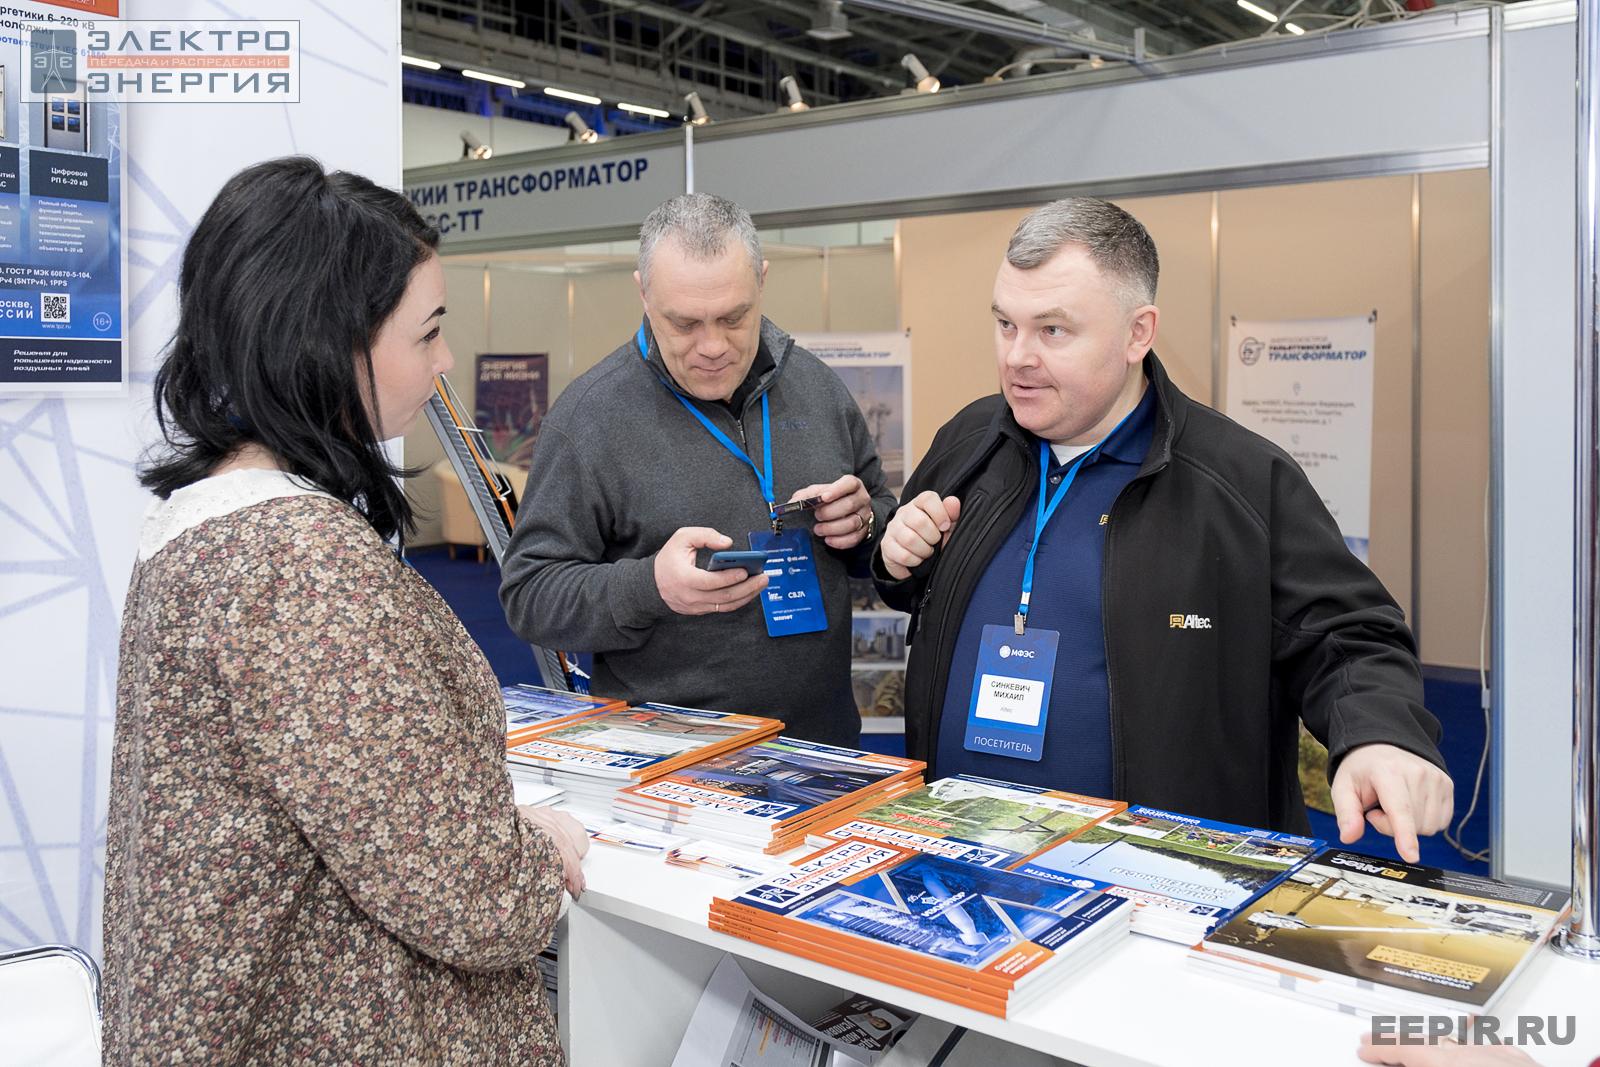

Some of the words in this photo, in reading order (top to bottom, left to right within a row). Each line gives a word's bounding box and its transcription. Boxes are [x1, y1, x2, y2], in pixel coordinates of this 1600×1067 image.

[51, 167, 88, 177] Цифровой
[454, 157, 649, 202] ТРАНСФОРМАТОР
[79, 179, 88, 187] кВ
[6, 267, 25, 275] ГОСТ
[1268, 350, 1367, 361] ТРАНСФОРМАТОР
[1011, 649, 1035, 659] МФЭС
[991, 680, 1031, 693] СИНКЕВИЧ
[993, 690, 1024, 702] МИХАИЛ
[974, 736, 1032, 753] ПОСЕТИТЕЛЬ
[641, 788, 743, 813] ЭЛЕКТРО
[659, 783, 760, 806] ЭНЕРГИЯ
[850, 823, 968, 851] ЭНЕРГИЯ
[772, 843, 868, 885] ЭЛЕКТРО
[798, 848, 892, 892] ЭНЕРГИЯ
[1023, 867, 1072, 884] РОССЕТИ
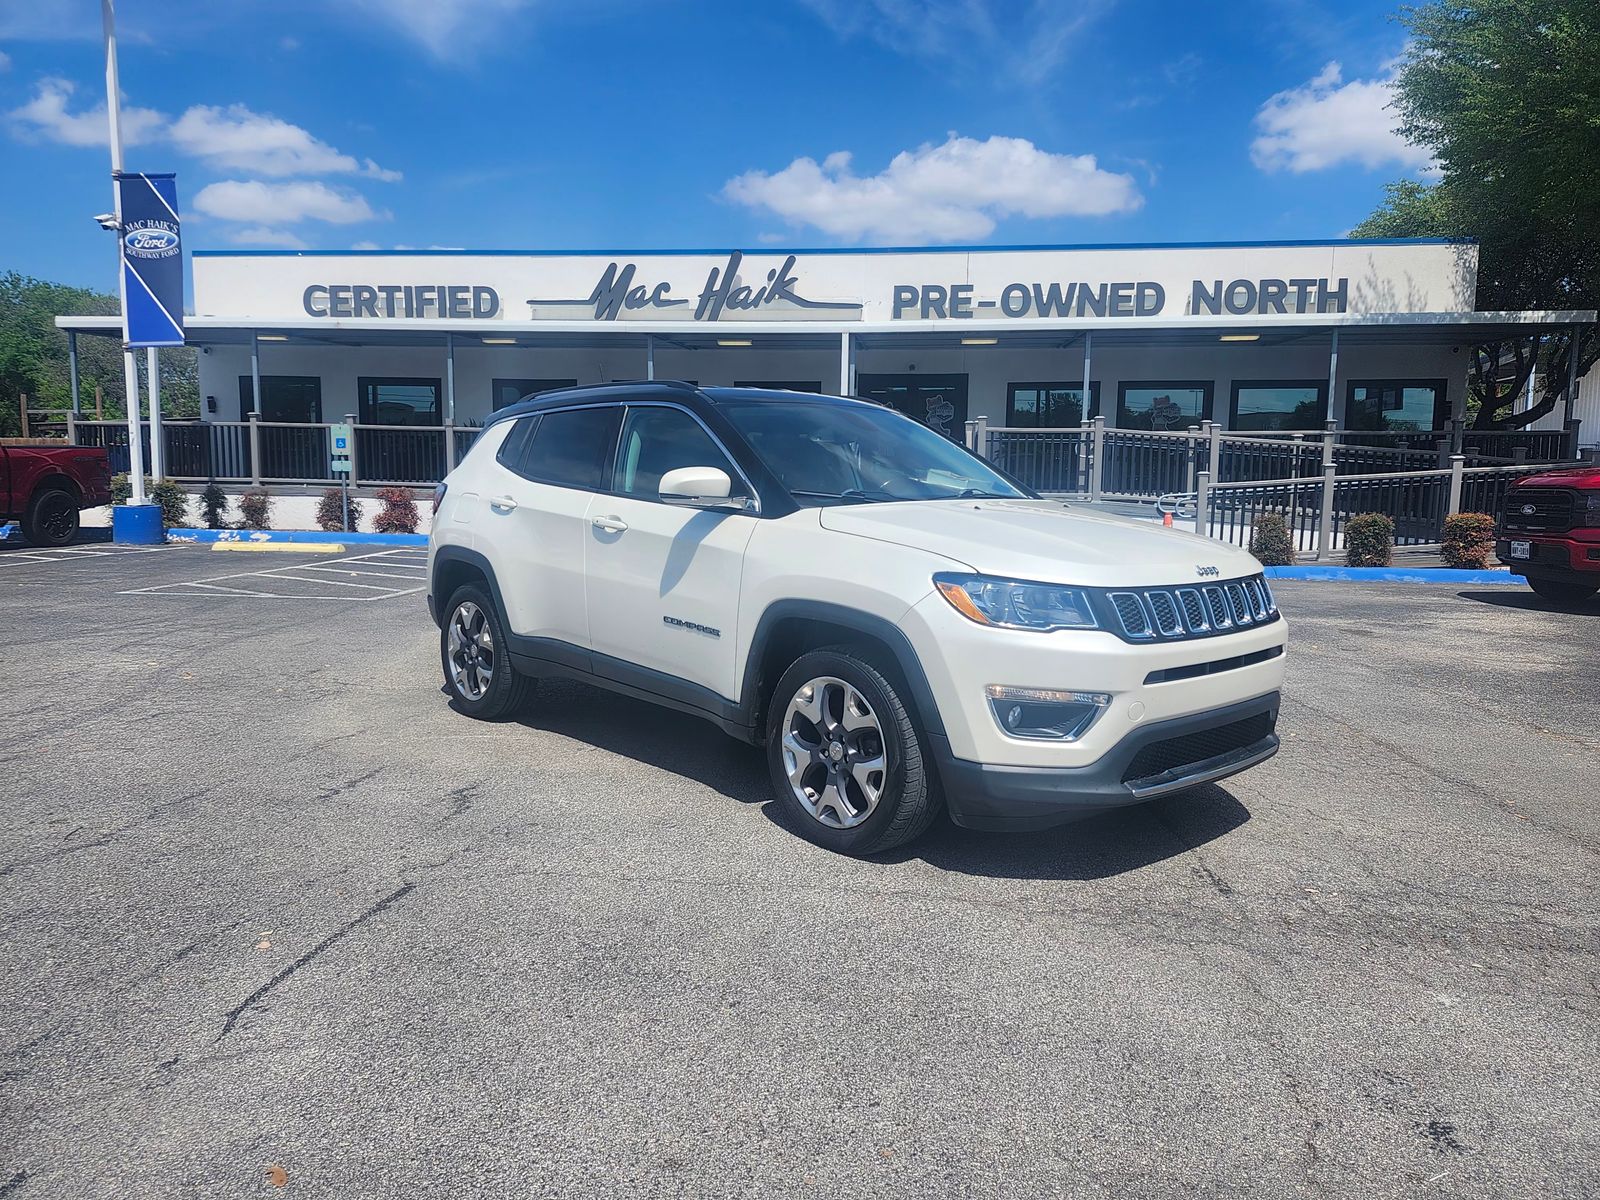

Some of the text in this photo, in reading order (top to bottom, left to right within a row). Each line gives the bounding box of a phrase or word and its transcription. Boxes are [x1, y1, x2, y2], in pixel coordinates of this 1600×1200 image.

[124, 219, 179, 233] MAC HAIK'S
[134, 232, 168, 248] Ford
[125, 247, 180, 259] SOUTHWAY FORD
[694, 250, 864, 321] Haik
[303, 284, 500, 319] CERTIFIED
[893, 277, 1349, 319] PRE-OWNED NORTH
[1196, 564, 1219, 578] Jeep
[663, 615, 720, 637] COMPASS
===
--- Problem requirements ---
Each line from the one with "Some of the text" through the last line of the records must be written out word for word. Include nothing else.

--- Finished exercise ---
Some of the text in this photo, in reading order (top to bottom, left to right within a row). Each line gives the bounding box of a phrase or word and its transcription. Boxes are [x1, y1, x2, y2], in pixel coordinates of this 1600×1200 image.

[124, 219, 179, 233] MAC HAIK'S
[134, 232, 168, 248] Ford
[125, 247, 180, 259] SOUTHWAY FORD
[694, 250, 864, 321] Haik
[303, 284, 500, 319] CERTIFIED
[893, 277, 1349, 319] PRE-OWNED NORTH
[1196, 564, 1219, 578] Jeep
[663, 615, 720, 637] COMPASS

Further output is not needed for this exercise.